Your assignment - Repeat the data exactly, please; no pictures belong in the copy.
▬▬▬▬▬▬
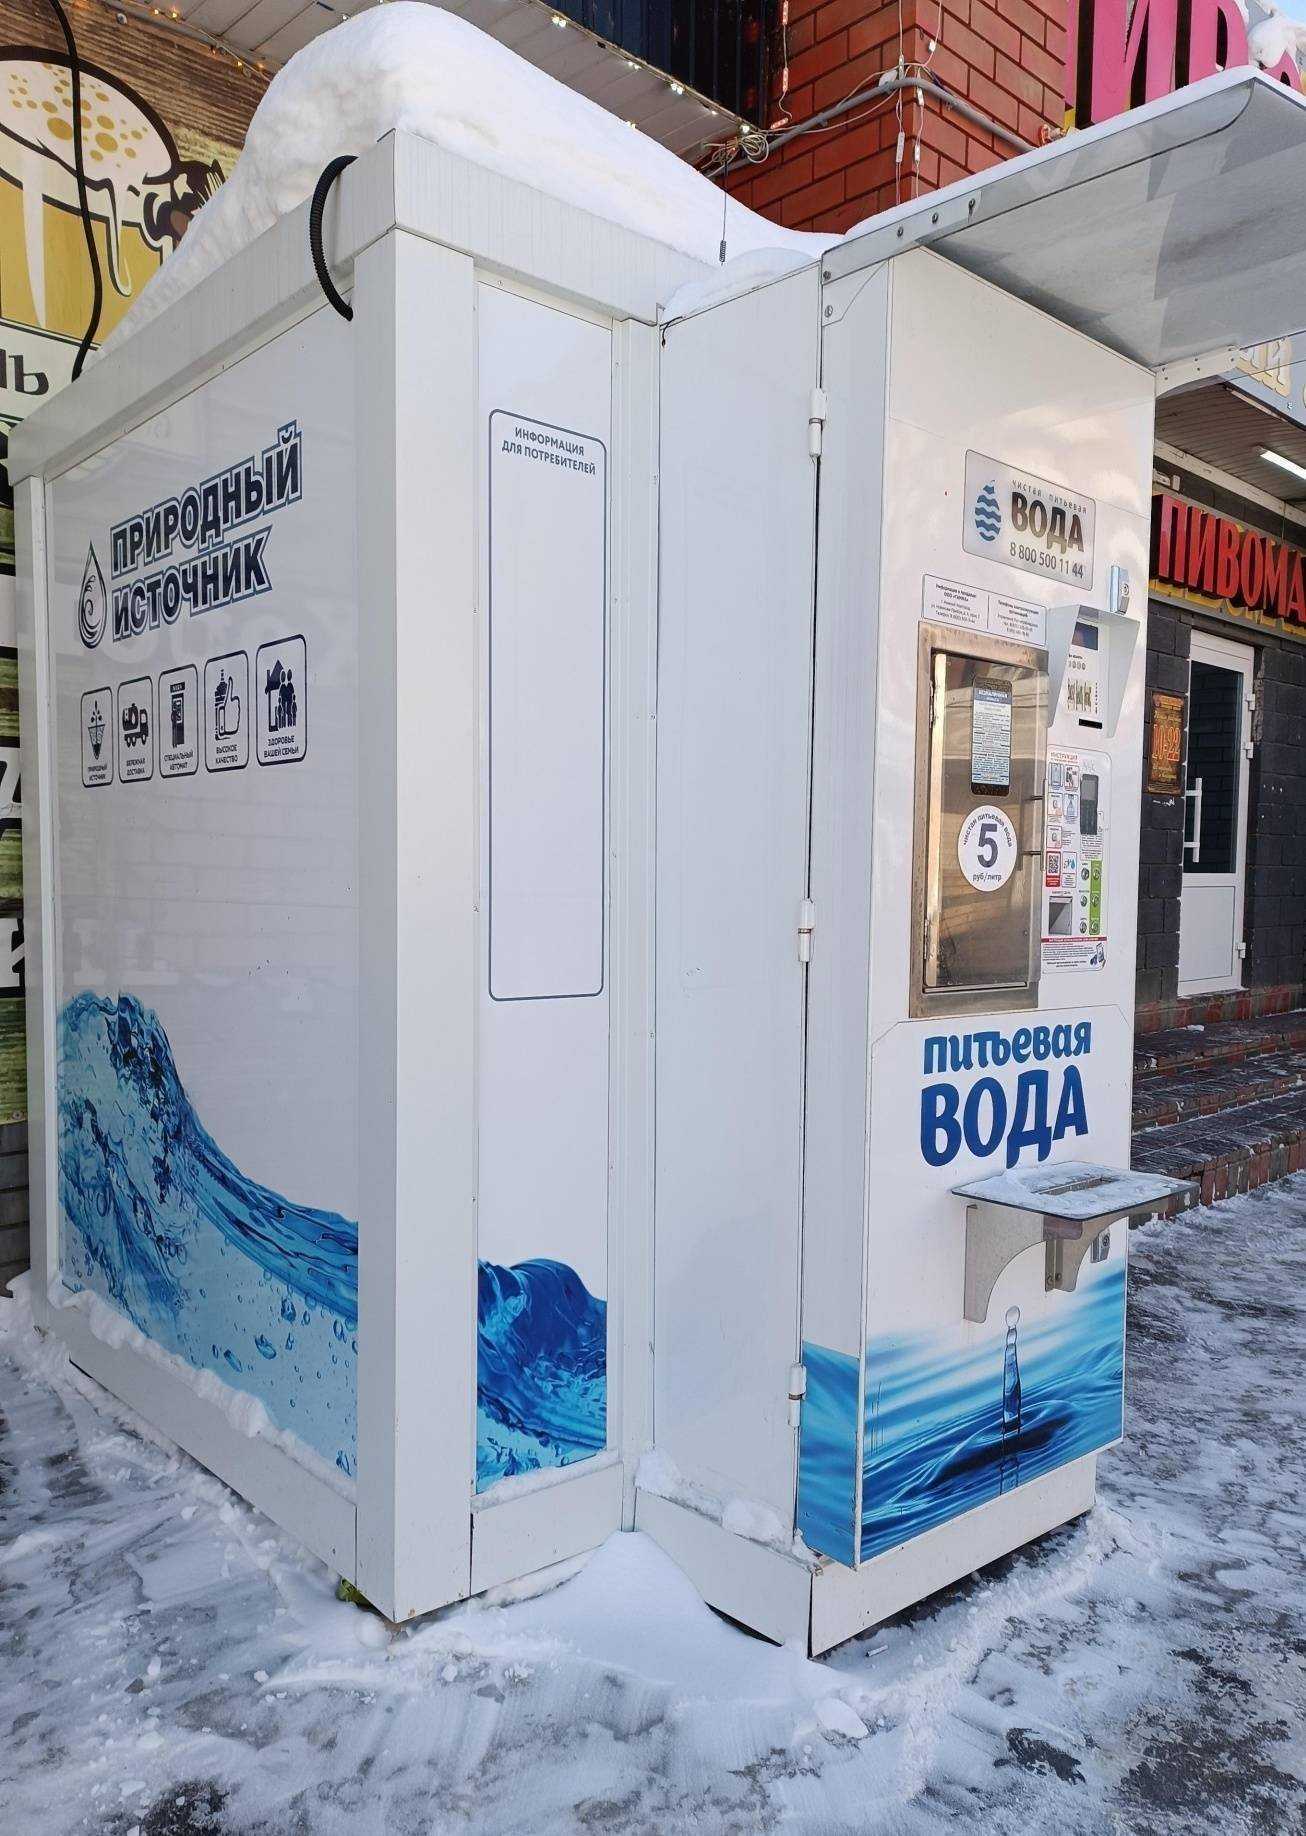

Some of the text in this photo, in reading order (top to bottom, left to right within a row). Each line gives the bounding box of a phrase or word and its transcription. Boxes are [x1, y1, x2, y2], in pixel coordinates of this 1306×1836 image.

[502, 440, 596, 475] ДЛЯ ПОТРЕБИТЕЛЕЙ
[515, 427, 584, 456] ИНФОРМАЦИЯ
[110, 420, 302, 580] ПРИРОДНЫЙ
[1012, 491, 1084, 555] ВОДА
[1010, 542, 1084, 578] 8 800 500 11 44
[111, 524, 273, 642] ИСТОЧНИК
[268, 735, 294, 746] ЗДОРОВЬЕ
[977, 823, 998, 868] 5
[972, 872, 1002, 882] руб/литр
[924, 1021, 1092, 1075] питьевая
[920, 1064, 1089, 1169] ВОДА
▬▬▬▬▬▬
Answer to this exercise -
Some of the text in this photo, in reading order (top to bottom, left to right within a row). Each line gives the bounding box of a phrase or word and its transcription. Boxes are [x1, y1, x2, y2], in pixel coordinates of this 1306×1836 image.

[502, 440, 596, 475] ДЛЯ ПОТРЕБИТЕЛЕЙ
[515, 427, 584, 456] ИНФОРМАЦИЯ
[110, 420, 302, 580] ПРИРОДНЫЙ
[1012, 491, 1084, 555] ВОДА
[1010, 542, 1084, 578] 8 800 500 11 44
[111, 524, 273, 642] ИСТОЧНИК
[268, 735, 294, 746] ЗДОРОВЬЕ
[977, 823, 998, 868] 5
[972, 872, 1002, 882] руб/литр
[924, 1021, 1092, 1075] питьевая
[920, 1064, 1089, 1169] ВОДА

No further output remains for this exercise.